Now, four years later, Richardson is completing a fifth summer of research with biology professor April Hill, and will head to the University of Virginia in August to begin work on a doctoral degree in biomedical sciences.

The pre-freshman summer research program Richardson took part in is funded by a $1.4 million grant from the Howard Hughes Medical Institute, awarded to the University of Richmond to integrate teaching and research across the undergraduate science disciplines. Every summer a handful of newly accepted students are given the opportunity to come to campus early and perform hands-on experimentation under the guidance of a Richmond science professor.

As a first-year student, Richardson was paired with Dr. Hill, and after a few weeks together in the lab, she knew that she wanted to continue working with Hill throughout her college career.

“I came in unsure of what type of research I wanted to pursue, but after shadowing [Hill] and talking to a few professors, I was sure that her’s was the kind of research I wanted to be involved in,” Richardson said.
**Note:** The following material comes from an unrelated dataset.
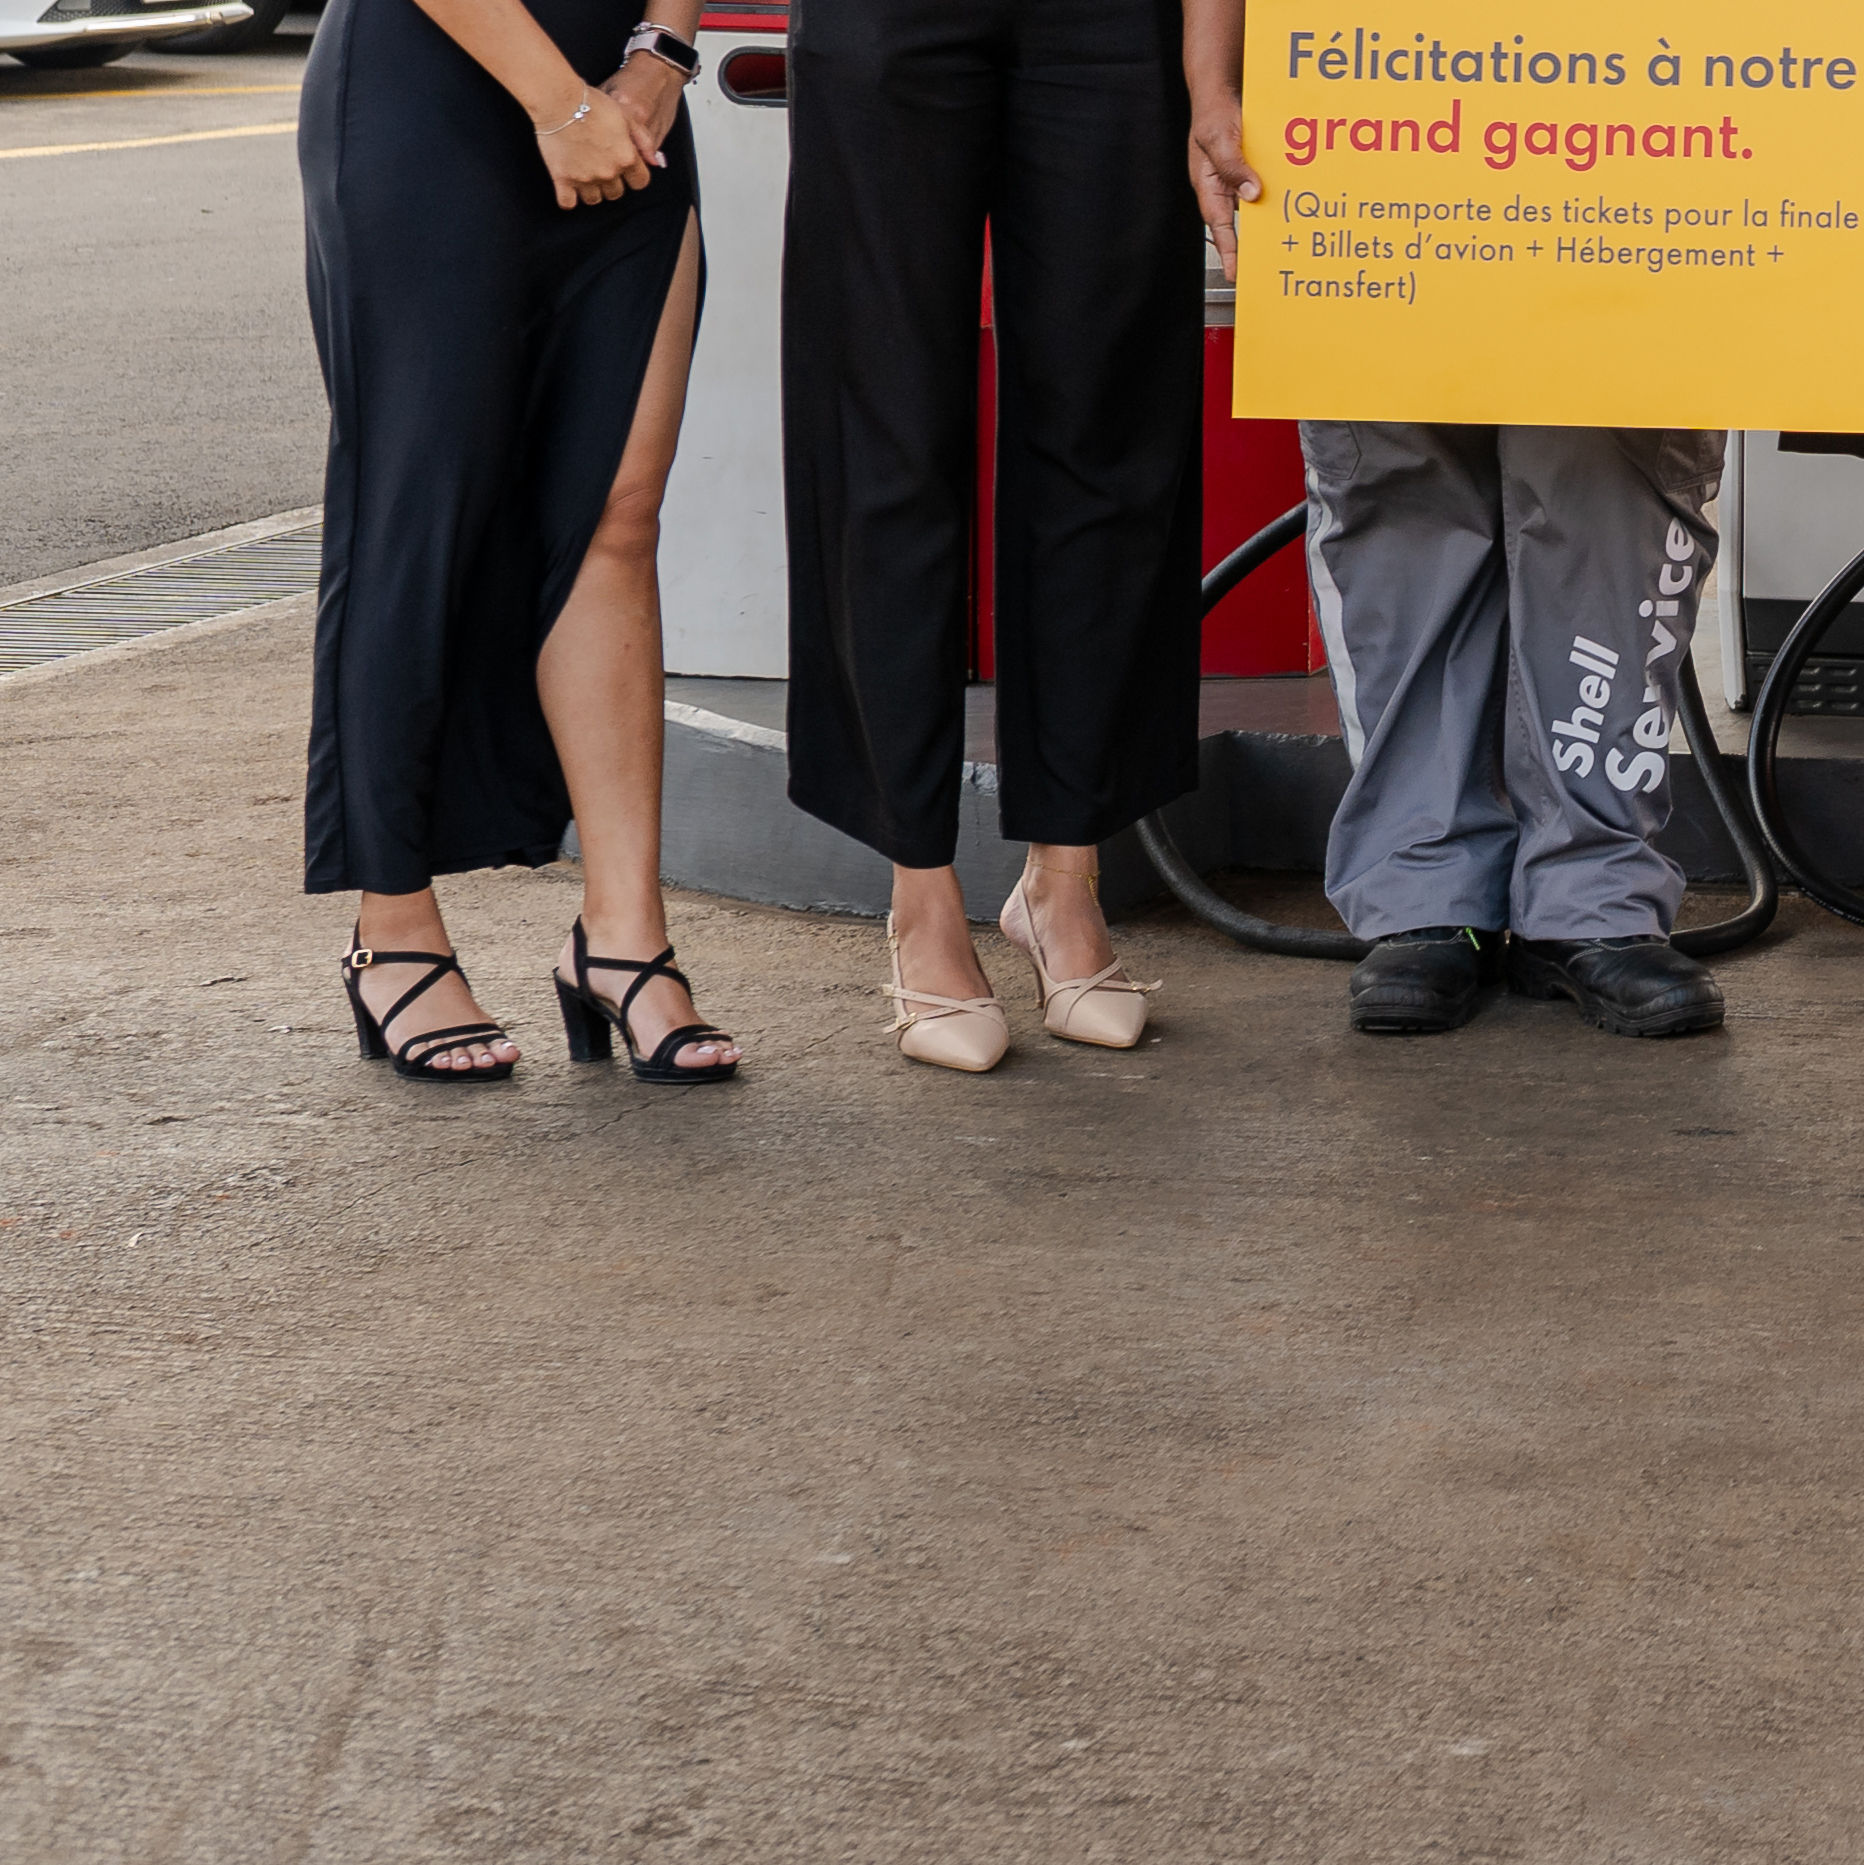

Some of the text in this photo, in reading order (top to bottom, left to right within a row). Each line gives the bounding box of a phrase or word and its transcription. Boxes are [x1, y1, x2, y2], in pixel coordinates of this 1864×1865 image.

Hill’s research focuses primarily on the genetics and development of marine and freshwater sponges. By studying the simple sponge, Hill hopes to improve the scientific understanding of early animal evolution.

Richardson says she was immediately impressed by Hill’s vast knowledge of the topic.

“That summer we had a week with no other students in the lab, and I had the opportunity to work with her one on one,” Richardson said. “She knows exactly what she’s talking about. Any question I could ask — if she doesn’t know the answer, she knows where to find the answer. That’s really important to a scientist.”

Over the next four years, Richardson had the opportunity to work with Hill on several research projects. One involved isolating bacterial agents on marine sponges that are often useful in developing pharmaceutical drugs.

Working with Hill on these projects inspired Richardson to pursue a future in medical research.

“She’s really helped me develop into a good scientist and helped me figure out what I want my career path to be,” Richardson said. “I know that whatever I’m doing, I want to be doing research, preferably medically relevant research that makes a difference.”

This fall at UVA, Richardson will have 150 labs from which to select her research rotations.

She says she’s thrilled to be part of such a prestigious program, and that her “well-rounded” Richmond education gave her an edge over other applicants.

“In the scientific classroom we learn how to write and read the literature,” she said. “In every single one of my interviews, I asked them what the biggest weakness of their students were, and they always said their writing skills.

“I know how to write scientifically and I know how to write in general to convey a point. I can present my research very well and I feel comfortable talking in front of a group of Ph.D.s. That really helped me.”